Programming language classification is the task of identifying which programming language is used in an arbitrary code snippet. This can be useful to label new data to include in a dataset, and potentially serve as an intermediary step when input snippets need to be process based on their programming language.
More generally, this tutorial shows how to pull pre-trained models from the Hugging Face Hub using the Hugging Face Transformers library and convert them to the OpenVINO™ IR format using the Hugging Face Optimum library. You will also learn how to conduct post-training quantization for OpenVINO models using Hugging Face Optimum and do some light benchmarking using the Hugging Face Evaluate library.

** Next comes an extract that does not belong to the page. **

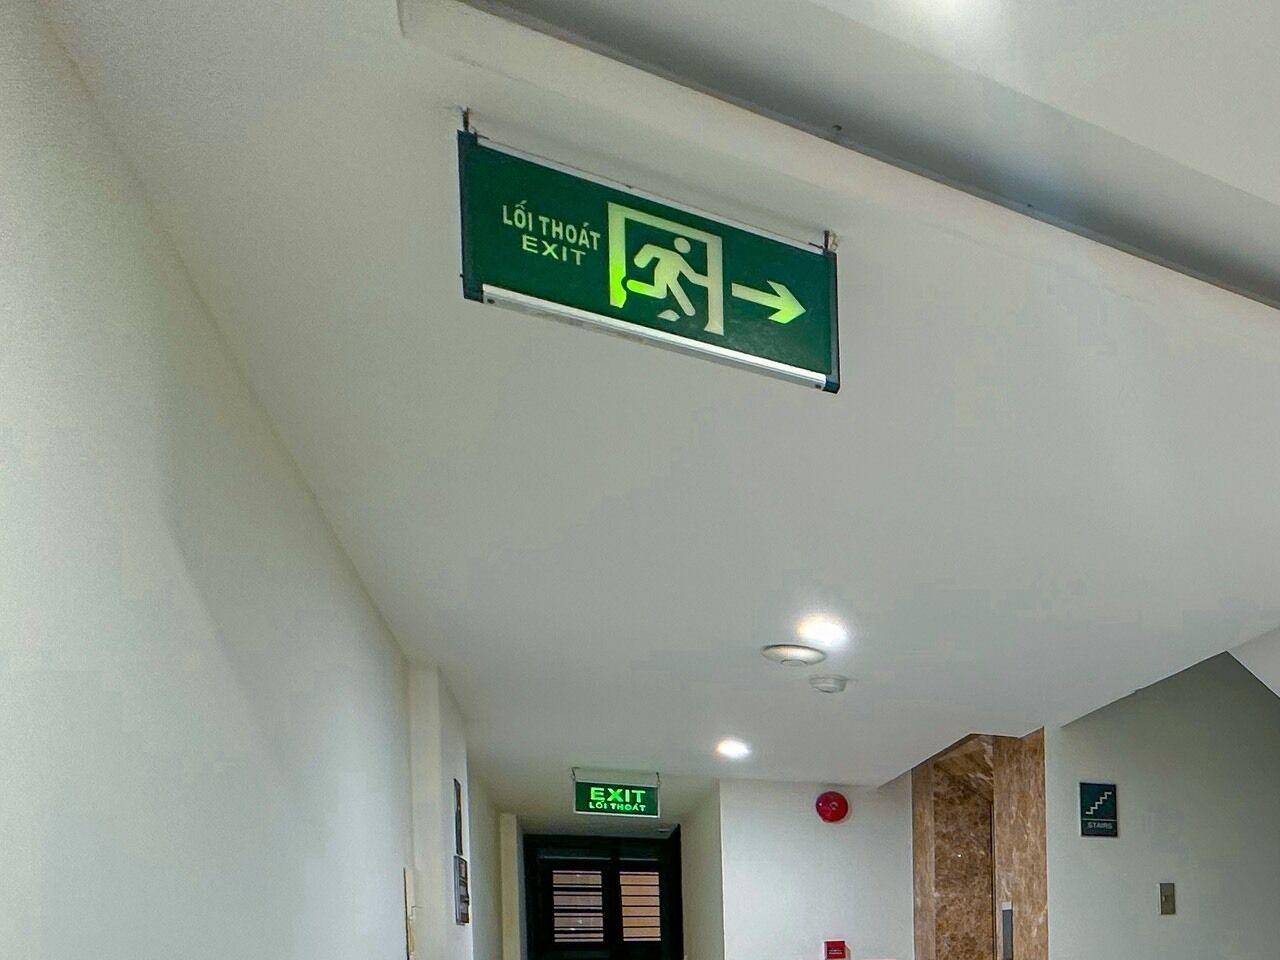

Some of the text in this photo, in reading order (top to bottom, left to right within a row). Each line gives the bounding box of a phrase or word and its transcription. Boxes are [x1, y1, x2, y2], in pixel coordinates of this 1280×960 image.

This tutorial will be divided in 2 parts:
- Create a simple inference pipeline with a pre-trained model using the OpenVINO™ IR format.
- Conduct post-training quantization on a pre-trained model using Hugging Face Optimum and benchmark performance.
CodeBERTa-small-v1
and CodeBERTa-language-id
: no license found on Hugging Face Hub.
Dataset:
Each example in the dataset is extracted from a GitHub repository, and each repository has its own license. Example-wise license information is not (yet) included in this dataset: you will need to find out yourself which license the code is using.
Additional resources:
- Grammatical Error Correction with OpenVINO
- Quantize a Hugging Face Question-Answering Model with OpenVINO
First, complete the repository installation steps. Then, activate your virtual environment, or select the right Python interpreter in your IDE.
Additional requirements will be installed directly from the notebook.